Grandes malacos da história

Galeria dos Grandes Malacos
Figuras inesquecíveis que ajudaram a dar uma entortada no mundo

 

ANTÔNIO, JOÃO - Respeito, meus amigos, pois ele continua sendo o melhor. Escritor e jornalista, orgulhosamente malaco até a raiz do último fio de cabelo. E brilhante. Escreveu reportagens e livros indispensáveis, sempre mergulhado no submundo dos malditos. Destacamos aqui um livro que reuniu os dois lados, o de jornalista e do ficcionista, Malhação do Judas Carioca, por três motivos: 1.É uma revolução, o que de melhor foi feito no Brasil levando o nome de reportagem; 2. Sinuca, um texto dissecando o mundo da malandragem em um dos seus hábitats favoritos; 3. Corpo-a-corpo com a notícia, carta de princípios que propõe um novo engajamento da literatura, para a qual respeitosamente abrimos aspas:

"Precisamos de uma literatura? Precisamos. Mas de uma arte literária, como de um teatro, de um cinema, de um jornalismo que firam, penetrem, compreendam, exponham, descarnem as nossas áreas de vida. Não será o futebol o nosso maior traço de cultura, o mais nacional e o mais internacional; tão importante quanto o couro brasileiro ou o café of Brazil? A umbanda não será a nossa mais eloqüente religião, tropical e desconcertante, luso-afro-tupinquim por excelência, maldita e ingênua, malemolente e terrível, que gosta de sangue e gosta de flores? A desconhecida vida de nossas favelas, local onde mais se canta e onde mais existe um espírito comunitário; a inédita vida industrial; os nossos subúrbios escondendo quase sempre 75% de nossas populações urbanas; os nossos interiores - os nossos intestinos, enfim, onde estão em nossa literatura? Em seus lugares não estarão colocados os realismo fantásticos, as semiologias translúcidas, os hipermodelismos pansexuais, os supra-realismos hermenêuticos, os lambuzados estruturalismos processuais? Enquanto isso, os aspectos da vida brasileira estão aí, inéditos, não tocados, deixados pra lá, adiados eternamente e aguardando os comunicadores artistas e intérpretes".
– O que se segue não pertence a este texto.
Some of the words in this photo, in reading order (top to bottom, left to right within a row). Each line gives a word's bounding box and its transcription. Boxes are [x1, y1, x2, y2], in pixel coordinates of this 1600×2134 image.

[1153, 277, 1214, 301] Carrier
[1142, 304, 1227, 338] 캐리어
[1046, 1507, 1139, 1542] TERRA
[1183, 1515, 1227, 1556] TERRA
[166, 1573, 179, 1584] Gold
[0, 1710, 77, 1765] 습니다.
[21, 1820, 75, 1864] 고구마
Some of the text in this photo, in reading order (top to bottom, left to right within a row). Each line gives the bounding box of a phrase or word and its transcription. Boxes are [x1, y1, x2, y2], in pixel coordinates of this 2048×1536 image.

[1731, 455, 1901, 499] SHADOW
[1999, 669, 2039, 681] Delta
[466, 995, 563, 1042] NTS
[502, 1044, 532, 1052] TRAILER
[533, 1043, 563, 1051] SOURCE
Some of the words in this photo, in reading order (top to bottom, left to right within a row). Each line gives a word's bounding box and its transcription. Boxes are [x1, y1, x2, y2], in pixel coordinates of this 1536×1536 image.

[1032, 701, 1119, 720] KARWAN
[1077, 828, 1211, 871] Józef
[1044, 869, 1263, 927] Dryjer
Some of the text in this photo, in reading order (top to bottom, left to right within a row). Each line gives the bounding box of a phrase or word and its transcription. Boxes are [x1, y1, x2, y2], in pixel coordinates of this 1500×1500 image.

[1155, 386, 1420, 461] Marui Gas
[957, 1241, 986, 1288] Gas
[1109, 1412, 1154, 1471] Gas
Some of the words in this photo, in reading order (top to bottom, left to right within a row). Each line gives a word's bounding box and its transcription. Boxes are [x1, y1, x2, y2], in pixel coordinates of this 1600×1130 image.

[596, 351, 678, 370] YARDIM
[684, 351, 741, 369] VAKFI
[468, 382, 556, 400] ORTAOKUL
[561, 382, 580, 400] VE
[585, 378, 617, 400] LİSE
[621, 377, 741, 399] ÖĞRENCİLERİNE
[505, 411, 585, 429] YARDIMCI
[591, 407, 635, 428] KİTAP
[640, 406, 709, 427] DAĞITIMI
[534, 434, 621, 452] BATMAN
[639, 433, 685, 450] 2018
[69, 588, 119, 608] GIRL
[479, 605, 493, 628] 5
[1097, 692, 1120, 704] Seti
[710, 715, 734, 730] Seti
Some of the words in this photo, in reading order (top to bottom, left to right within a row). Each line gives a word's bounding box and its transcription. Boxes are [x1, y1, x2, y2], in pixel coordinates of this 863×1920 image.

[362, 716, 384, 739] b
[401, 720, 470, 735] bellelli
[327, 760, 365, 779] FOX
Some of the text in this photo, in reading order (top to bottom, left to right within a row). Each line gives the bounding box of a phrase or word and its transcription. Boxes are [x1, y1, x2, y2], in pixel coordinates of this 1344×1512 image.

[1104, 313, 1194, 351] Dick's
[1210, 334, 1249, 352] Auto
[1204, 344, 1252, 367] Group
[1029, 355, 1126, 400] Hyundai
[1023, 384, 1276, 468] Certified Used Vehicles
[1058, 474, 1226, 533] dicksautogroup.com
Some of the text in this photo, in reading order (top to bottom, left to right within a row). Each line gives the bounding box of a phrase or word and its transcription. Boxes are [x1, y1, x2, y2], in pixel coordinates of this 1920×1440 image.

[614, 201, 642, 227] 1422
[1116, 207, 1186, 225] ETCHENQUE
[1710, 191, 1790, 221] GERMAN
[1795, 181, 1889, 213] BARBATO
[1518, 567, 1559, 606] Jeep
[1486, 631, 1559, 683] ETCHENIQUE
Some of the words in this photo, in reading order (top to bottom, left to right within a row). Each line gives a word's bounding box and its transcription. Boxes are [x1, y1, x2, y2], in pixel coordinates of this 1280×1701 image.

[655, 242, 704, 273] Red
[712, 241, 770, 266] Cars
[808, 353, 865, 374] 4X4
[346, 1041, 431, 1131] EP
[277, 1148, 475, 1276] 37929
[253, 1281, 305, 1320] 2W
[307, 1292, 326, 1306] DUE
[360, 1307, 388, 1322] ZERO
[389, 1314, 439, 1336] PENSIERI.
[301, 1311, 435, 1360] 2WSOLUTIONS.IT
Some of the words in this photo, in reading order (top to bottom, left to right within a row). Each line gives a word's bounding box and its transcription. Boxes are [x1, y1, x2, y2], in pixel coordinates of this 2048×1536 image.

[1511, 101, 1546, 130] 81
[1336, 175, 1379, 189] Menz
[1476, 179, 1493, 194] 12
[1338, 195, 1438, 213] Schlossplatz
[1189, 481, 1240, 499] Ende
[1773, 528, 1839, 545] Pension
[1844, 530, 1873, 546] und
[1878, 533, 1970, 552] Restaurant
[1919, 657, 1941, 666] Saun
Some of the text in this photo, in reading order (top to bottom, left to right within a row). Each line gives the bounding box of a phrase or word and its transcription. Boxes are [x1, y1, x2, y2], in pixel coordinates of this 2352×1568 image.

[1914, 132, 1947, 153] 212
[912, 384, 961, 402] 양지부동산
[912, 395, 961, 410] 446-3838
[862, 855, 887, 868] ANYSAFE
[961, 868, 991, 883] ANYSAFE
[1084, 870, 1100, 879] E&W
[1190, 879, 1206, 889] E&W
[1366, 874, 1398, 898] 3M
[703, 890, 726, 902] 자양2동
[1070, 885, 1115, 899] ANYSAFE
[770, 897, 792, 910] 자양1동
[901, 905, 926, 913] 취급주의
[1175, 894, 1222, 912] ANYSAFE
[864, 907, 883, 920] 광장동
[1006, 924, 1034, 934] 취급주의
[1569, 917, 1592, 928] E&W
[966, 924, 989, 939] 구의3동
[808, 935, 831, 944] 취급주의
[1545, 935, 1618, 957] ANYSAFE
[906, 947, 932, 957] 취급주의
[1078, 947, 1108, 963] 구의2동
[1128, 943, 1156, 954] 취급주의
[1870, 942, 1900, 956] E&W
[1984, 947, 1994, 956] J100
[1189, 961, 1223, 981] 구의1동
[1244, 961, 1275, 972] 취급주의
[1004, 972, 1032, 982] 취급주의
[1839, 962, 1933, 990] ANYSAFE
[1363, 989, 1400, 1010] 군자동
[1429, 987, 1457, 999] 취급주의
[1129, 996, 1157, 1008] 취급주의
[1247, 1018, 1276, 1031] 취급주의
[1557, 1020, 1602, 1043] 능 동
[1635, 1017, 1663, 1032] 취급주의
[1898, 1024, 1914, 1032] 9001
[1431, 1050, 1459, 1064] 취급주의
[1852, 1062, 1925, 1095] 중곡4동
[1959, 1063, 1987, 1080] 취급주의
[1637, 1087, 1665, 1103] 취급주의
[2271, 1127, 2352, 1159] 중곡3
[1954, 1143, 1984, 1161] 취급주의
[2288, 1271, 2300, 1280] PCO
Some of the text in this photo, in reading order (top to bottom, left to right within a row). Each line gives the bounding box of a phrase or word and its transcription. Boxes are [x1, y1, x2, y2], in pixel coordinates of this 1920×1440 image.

Pungente, não? Este texto é de novembro de 1975. Mas como estamos no Brasil, provavelmente o último escrito dele é de outubro de 1996, uma carta para o jornalista Mylton Severiano, que estava em viagem para Santa Catarina. Ele pedia que o amigo comprasse um pijama Hering, mais barato, mais de acordo com seus rendimentos. João Antônio foi encontrado dias depois, já em avançado estado de putrefação, abandonado em seu apartamento no Rio de Janeiro. Respeito que ele merece.